According to Make UK, more than half of manufacturers have been victims of cybercrime in the past year and many have lost thousands of pounds as a result.
The body, which is the largest of its kind to represent UK manufacturers, found that 63 percent suffered losses of up to £ 5,000, while nearly a quarter (22 percent) revealed a cost to their business between £ 5,000 and £ 25,000.
With many employees forced to work from home since the lockdowns started in March 2020, 50 percent of companies said cyber security has since been given a higher priority.
But more than half of manufacturers (59 percent) cited cost as the biggest barrier to strengthening security, while 43 percent were asked by a customer or supplier to demonstrate or ensure the robustness of their cyber security.
The automotive sector has been hit particularly hard: 62 percent of companies were cyber attacked in the past year because of their lucrative IP.
In its report, Cyber Resilience: The Last Line of Defense, Make UK said the pandemic has “catapulted” cyber security to the forefront of governance agendas.
About 50 percent of manufacturers said cyber security has been a higher priority since the start of the Covid outbreak. “Digitization is revolutionizing modern manufacturing and has no doubt successfully sustained it over the past year,” said Stephen Phipson, CEO of Make UK.
“The rewards are clear: technological leaps in the design, development, manufacture and operation of the goods and services the UK makes. But the cyber security threat to manufacturers grows and evolves with it.
“No company can afford to ignore this issue and while the increased awareness in the industry is encouraging, there is still much to be done with too many companies still burying their heads in the sand.
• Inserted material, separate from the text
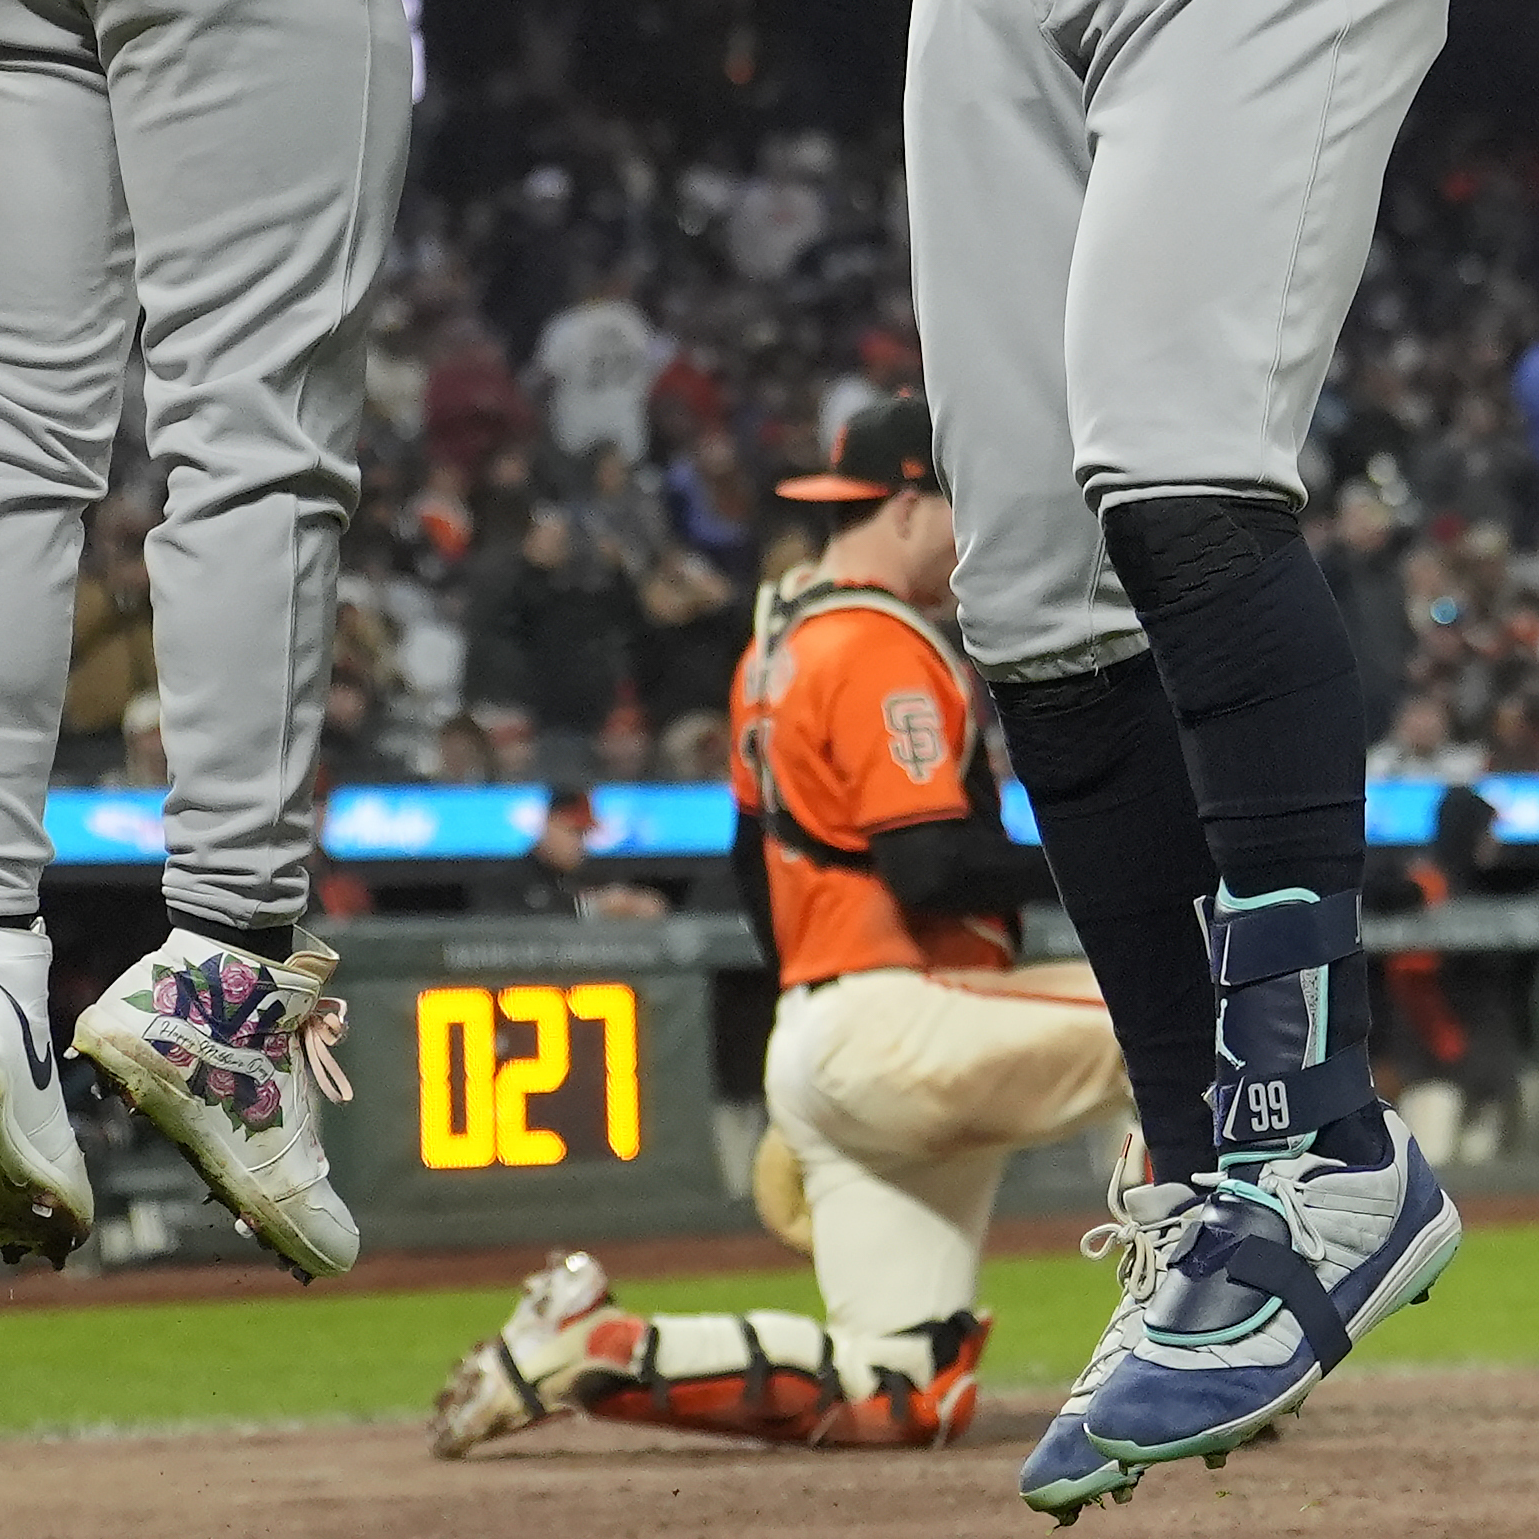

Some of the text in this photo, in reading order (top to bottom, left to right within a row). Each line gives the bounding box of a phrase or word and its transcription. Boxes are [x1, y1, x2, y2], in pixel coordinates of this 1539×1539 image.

This is a strategic threat; If not done properly as a nation, it could cost the UK economy billions of pounds and put thousands of jobs at risk. Every business is vulnerable and every business must take the necessary steps to properly protect itself. “
Make UK also found that investments in the latest digital technologies are being held back due to fears that they could open the door to a greater risk of cyber-attacks.
One in eight companies surveyed admit that they are currently not investing in new digital processes, even though they know they need to to compete.
In February, the National Cyber Security Center started offering personalized cyber security support to companies in the form of a “Cyber Action Plan”.